Duştan çıkıp saçlarımı havluyla kuruttum. Buhar hâlâ banyoyu sarmıştı ama o sıcaklık içimdeki soğukluğu çözemiyordu. Aynaya baktım.
Kendimi bu kadar yorgun, bu kadar sessiz ne zamandır hissettiğimi hatırlamıyordum.
Yorgunluk sadece bedende değilmiş.
Kalpte bir ağırlık olunca, en derin uykular bile dinlendirmiyor insanı.
Mutfağa geçtiğimde Elif kahveyi hazırlamıştı, Can da pencerenin önüne iki yastık atıp yere oturmuştu. Hemen onların yanına geçtim. Koltuklara yayılmıştık.
Hava yavaş yavaş kararmaya başlamıştı ama biz hâlâ suskunluğumuzu yeni yeni bozuyorduk.
İlk cümle Can’dan geldi:
“Biliyor musunuz… Bence bu sefer oldu. Yani… Derya.”
Kahvesinden bir yudum alırken, yüzünde beliren o yaramaz sırıtışla hepimizi güldürdü. Ama gözlerindeki o ciddiyet bu kez şaka yapmadığını gösteriyordu.
“Bu sefer öylesine değil. Hani olur da başıma bir şey gelirse diye yazdığım vasiyetin başına onu eklerim gibi bir his…”
Gülmemle gözlerim doldu aynı anda. Can’ın aşkı hep kahkahayla gizlenirdi ama bu seferki kahkahanın altı kalp doluydu.
Elif telefonu sessizce koltuğun kenarına koydu. Ekran aydınlandı.
“Tuğrul 🤍” yazıyordu.
Yeni bir mesaj daha düşmüştü. Gülmemek için dudaklarını ısırsa da gözleri gülümsüyordu.
Can anında fark etti:
“Aaa bak sen şu gönül telini titretenlere! Elif hanım, Tuğrul komutanla ne muhabbetler dönüyor öyle? Bak bak utanıyor da!”
“Can saçmalama!”
“Cancağzım… Kızın gözlerinden kalpler fışkırıyor, hâlâ mı anlamadık diyorsun?”
“Pıtırcığım… Sessiz aşklar en çok bağıranlardır. Yaz bunu bir kenara.”
Kahkaha salonun havasını değiştirmişti. Ama içimdeki sıkışıklık hâlâ çözülmemişti. Göz ucuyla cama baktım. Sokakta yanan lambalar, gecenin başladığını söylüyordu.

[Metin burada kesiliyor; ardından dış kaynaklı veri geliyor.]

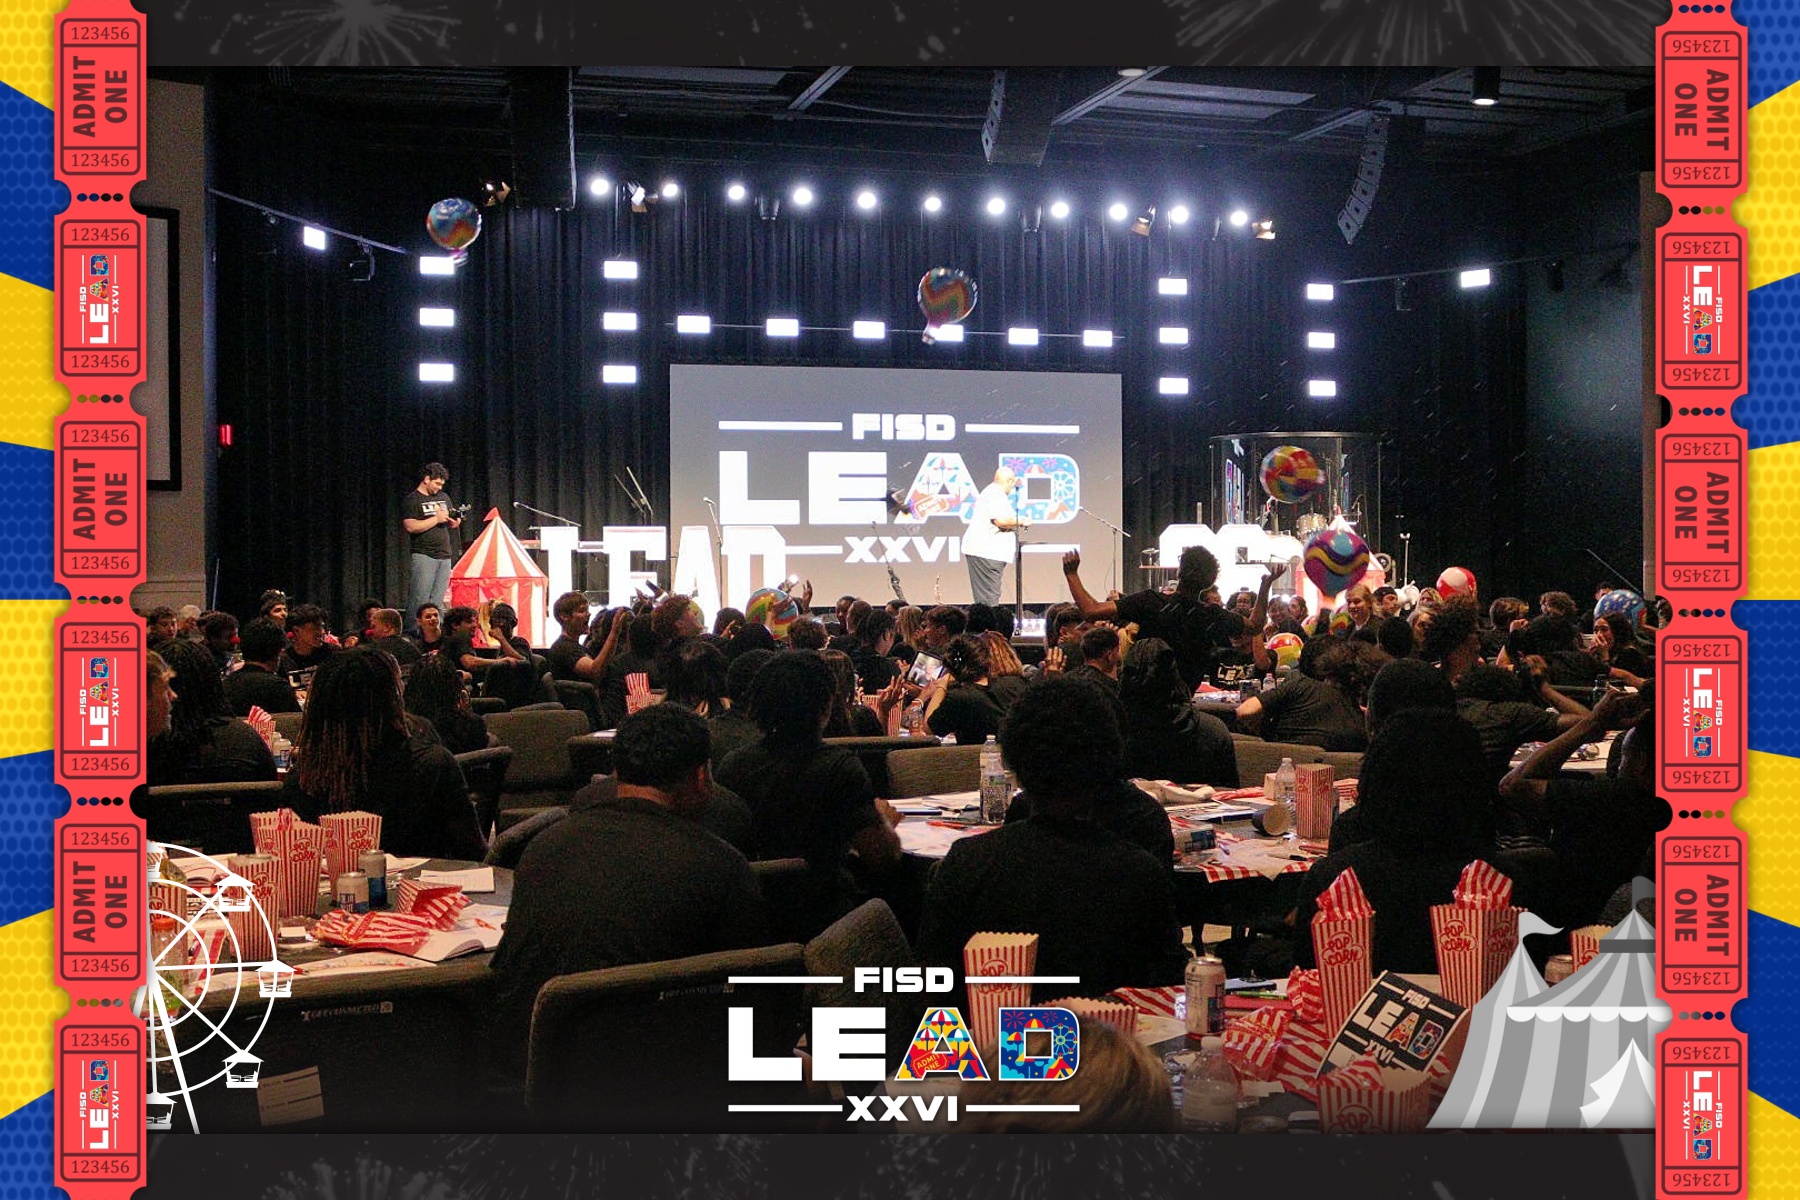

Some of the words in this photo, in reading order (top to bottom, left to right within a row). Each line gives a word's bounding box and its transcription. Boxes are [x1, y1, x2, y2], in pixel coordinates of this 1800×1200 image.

Ama ben hâlâ sabahki veda sahnesindeydim. Savaş’ın gözlerinin içine bakıp o kelimeleri nasıl bu kadar kolay söylediğime şaşıyordum.
“Bazı şeyler olduğu yerde kalmalı, Savaş.”
Kendi sesim kulaklarımda yankılandı. Bu kadar net mi hissediyordum gerçekten? Yoksa bu bir savunma mekanizması mıydı?
Birden Elif’in sesi duygularımı bölüp ortadan ikiye ayırdı:
“Seher…”
“Hı?”
“Sana bir şey soracağım ama kızmak yok.”
“Sor bakalım.”
“Savaş’a ikinci bir şans verme ihtimalin var mı?”
Can hemen atladı:
“Evet evet, ben de bunu soracaktım. Gün ışığım, yüzünü buruşturma hemen. Ciddi soruyorum. O adam seni hâlâ seviyor. Gözlerinden düşüyordu ya…”
Kahvemi yudumladım. Dudaklarımda hafif bir titreme vardı. Ama içimdekileri gizleyemedim bu sefer. Gözlerim yere sabitlendi.
“Kırılmışlıklar… öyle kolay onarılmıyor Can.
Sevmek yetmiyor. Güven olmayınca, sevgi hep yarım kalıyor. Beni o kadar paramparça etti ki şimdi yanaşsa bile… Hangimizi kucaklıyor olurum, beni mi, geçmişteki kırıklarımı mı bilmiyorum.”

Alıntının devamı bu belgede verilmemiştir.